Правда, весть была, так сказать, неофициальная и никем не афишируемая. Жаба, Хромой и все, кто был причастен к опеке девушки, молчали, но, тем не менее — откуда-то всё просочилось.
В день, когда торговец в очередной раз укатил на своей раздолбанной «копейке» к Южному блок-посту, в Деревне как-то просекли: Жаба едет забирать дочку из больницы. По такому случаю бродяги и кое-кто из пришлых решили устроить торжественную встречу. Но всю малину им обломал Хромой.
— Никаких банкетов и красных дорожек! — почти рявкнул он. — Вы что, совсем охренели и ничего не соображаете?!

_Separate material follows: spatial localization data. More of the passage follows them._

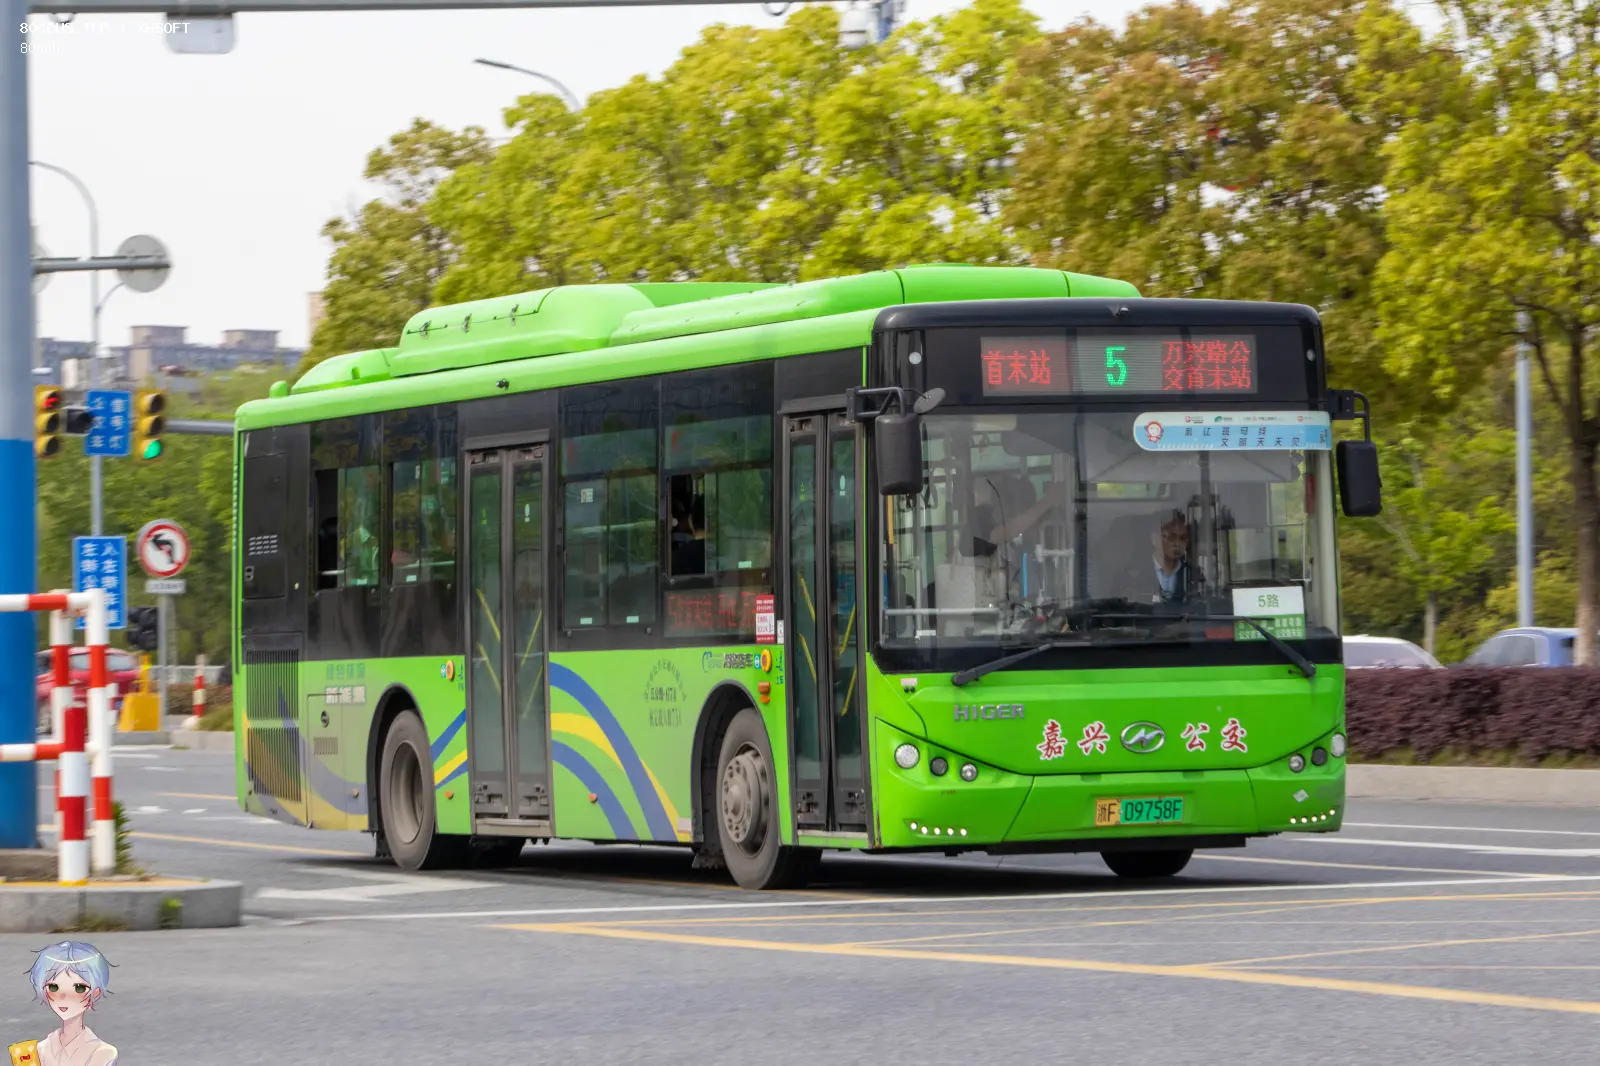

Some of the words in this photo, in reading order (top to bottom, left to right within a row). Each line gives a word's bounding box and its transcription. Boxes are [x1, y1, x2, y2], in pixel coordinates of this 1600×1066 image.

[983, 350, 1051, 385] 首末站
[1106, 346, 1127, 387] 5
[1163, 365, 1252, 391] 交首末站
[1258, 594, 1280, 608] 5路
[953, 703, 1025, 721] HIGER
[1037, 719, 1110, 760] 嘉兴
[1181, 718, 1248, 752] 公交
[1124, 799, 1182, 822] 09758F

— Хромой, но ведь мы же её любим…
— Подождите вы пока со своими любовями!.. — староста сбавил громкость и нахмурился. — Мужики, правда — не надо! Жаба мне говорил, что она сейчас сама не своя, хоть и поправилась вроде. Но чуть кого из незнакомых мужиков увидит — плачет… Так что если ещё и вы тут влезете со своим каннским фестивалем — сами понимаете, чем всё может кончиться. Не надо ничего, устраивать, мужики. Сделайте вид, что ничего особенного не происходит. А букеты-конфеты потом Жабе передадите для неё.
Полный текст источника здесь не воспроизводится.